◆ Problem description ◆
Return each line of the listing below, unchanged, and omit the images.

◆ Records shown ◆
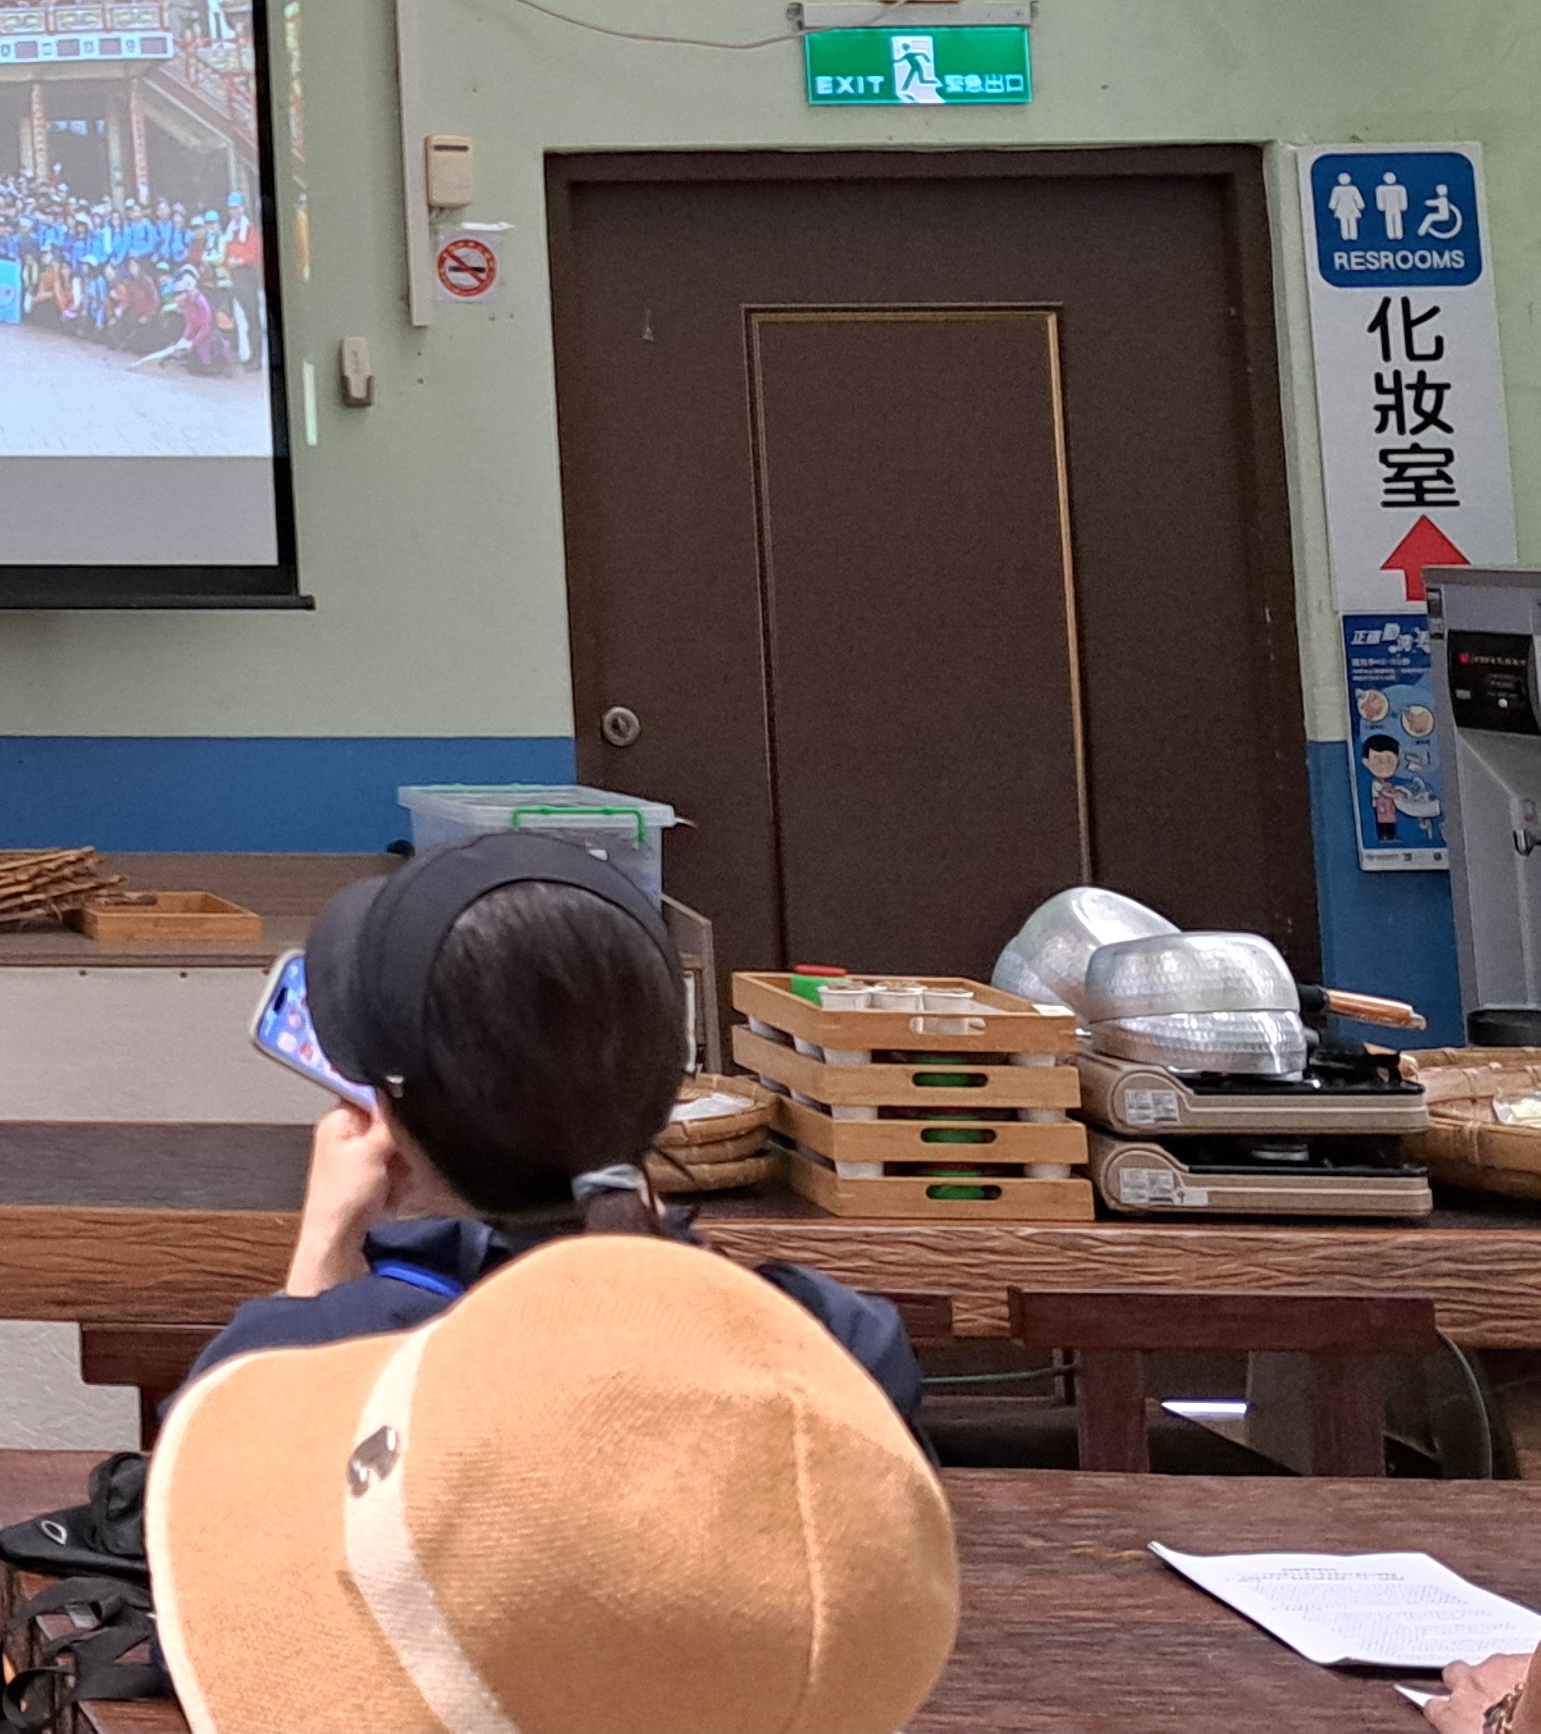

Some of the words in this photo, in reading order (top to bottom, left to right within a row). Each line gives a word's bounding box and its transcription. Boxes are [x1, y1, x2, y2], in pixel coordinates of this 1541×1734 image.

[816, 75, 885, 95] EXIT
[1333, 249, 1466, 271] RESROOMS
[1366, 296, 1461, 508] 化妝室
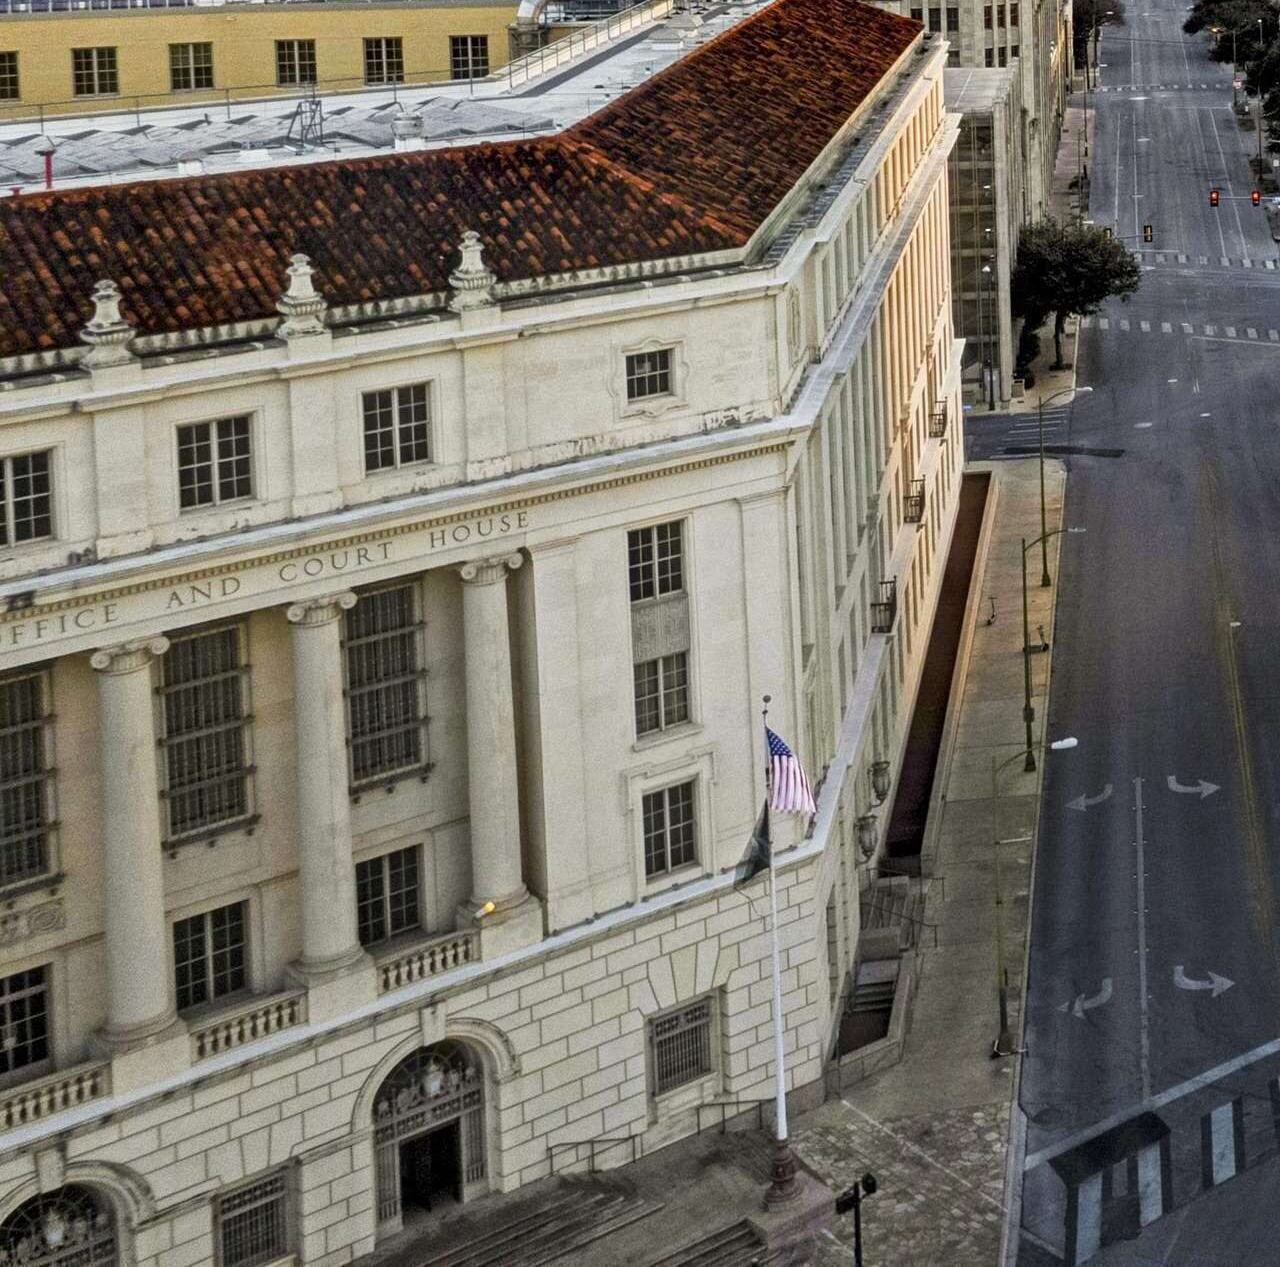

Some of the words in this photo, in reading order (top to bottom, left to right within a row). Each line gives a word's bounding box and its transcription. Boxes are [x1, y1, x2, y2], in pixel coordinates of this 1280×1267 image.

◆ The completed task ◆
Some of the words in this photo, in reading order (top to bottom, left to right within a row). Each line gives a word's bounding box and its transcription. Boxes are [x1, y1, x2, y2], in pixel coordinates of this 1541×1734 image.

[816, 75, 885, 95] EXIT
[1333, 249, 1466, 271] RESROOMS
[1366, 296, 1461, 508] 化妝室

Some of the words in this photo, in reading order (top to bottom, left to right within a row). Each line gives a word's bounding box and its transcription. Boxes are [x1, y1, x2, y2], in pixel coordinates of this 1280×1267 image.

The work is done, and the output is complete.